Except we got another opportunity in the bottom of the 9th: Kyle Seager led off with a ringing double down the line, and we had three not-bad guys coming up: Torrens, Toro, Kelenic. Guys who had already delivered in this game. But Torrens grounded out and Seager couldn't move up. (At that point, he was replaced by a pinch runner, which maybe should've happened before Torrens' at-bat?) Then a pop-out to short. Then a fly ball to center. It was the sac fly we needed Kelenic to hit in the 7th. And that was that. Overall we got five hits, three walks; they got four hits, two walks. They won.
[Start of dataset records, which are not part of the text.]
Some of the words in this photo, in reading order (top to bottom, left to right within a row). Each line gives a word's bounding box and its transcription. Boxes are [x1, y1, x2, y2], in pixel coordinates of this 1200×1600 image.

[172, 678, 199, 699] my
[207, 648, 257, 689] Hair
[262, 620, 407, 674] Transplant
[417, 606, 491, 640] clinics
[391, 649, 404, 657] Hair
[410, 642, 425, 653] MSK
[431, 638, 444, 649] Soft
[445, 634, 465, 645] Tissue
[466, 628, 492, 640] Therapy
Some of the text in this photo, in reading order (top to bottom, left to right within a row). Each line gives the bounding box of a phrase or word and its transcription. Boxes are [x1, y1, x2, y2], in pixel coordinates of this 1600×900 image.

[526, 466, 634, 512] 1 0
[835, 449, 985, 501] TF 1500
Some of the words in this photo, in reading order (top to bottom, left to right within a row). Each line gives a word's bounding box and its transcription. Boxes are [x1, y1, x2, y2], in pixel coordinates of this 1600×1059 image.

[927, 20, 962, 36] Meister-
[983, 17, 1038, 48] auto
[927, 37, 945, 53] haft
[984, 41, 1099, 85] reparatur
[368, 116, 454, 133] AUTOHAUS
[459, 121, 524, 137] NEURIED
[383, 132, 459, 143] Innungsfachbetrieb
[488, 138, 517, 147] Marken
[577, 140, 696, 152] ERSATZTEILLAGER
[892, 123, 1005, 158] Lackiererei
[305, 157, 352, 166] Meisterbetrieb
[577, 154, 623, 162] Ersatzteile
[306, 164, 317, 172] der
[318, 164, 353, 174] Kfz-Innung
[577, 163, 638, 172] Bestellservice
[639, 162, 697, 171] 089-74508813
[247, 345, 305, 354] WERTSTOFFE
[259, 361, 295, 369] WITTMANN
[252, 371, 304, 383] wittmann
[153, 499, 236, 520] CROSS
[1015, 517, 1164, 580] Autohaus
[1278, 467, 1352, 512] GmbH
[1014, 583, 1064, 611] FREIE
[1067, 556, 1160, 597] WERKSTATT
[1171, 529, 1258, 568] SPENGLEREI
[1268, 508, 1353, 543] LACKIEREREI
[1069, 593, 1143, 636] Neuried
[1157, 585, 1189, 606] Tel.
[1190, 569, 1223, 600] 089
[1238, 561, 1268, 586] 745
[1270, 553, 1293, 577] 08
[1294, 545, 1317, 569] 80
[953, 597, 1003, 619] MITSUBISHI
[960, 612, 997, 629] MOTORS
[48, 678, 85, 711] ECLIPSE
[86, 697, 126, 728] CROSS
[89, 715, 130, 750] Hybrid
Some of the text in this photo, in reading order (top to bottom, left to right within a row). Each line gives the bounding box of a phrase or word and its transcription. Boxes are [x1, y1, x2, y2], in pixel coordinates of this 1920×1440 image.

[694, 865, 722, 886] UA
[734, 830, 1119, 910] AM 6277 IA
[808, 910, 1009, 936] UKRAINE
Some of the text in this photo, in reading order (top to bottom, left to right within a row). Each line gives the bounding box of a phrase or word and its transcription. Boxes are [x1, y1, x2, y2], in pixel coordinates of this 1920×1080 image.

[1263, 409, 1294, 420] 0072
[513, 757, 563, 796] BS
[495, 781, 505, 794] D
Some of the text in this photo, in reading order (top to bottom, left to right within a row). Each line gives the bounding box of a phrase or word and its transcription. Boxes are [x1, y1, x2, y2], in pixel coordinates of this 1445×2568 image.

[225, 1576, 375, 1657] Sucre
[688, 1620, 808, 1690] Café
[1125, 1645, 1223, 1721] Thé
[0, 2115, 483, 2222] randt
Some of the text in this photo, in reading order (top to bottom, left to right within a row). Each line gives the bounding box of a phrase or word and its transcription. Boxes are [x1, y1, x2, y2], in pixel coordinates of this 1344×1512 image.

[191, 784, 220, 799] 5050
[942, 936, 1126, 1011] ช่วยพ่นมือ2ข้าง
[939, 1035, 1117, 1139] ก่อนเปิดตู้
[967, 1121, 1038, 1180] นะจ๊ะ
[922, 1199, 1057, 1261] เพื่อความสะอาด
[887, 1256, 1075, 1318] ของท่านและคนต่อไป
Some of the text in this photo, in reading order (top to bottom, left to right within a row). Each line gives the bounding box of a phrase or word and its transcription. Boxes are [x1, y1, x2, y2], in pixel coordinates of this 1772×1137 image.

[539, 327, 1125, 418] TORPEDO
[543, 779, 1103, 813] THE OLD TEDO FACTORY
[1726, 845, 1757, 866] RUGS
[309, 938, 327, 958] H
Was it us? The crowd? I was wondering about that from the get-go, when I heard that Friday night's game was sold out, and Saturday and Sunday's games were close to sell-outs. The players aren't used to this. They're used to what I'm used to: sparse crowds making tepid noise, with fans of the opposition team often making more of it. I was wondering if maybe that wasn't a driving force for these kids: We're playing well, and yet no one is showing up. We'll show them. Then we showed up and they lost that edge.
Now the standings look like this:
We're still in it, just less so. Every team is within two of each other with two to play. Ya gotta believe. Or, as I suggested as a team motto in July: Ya never know.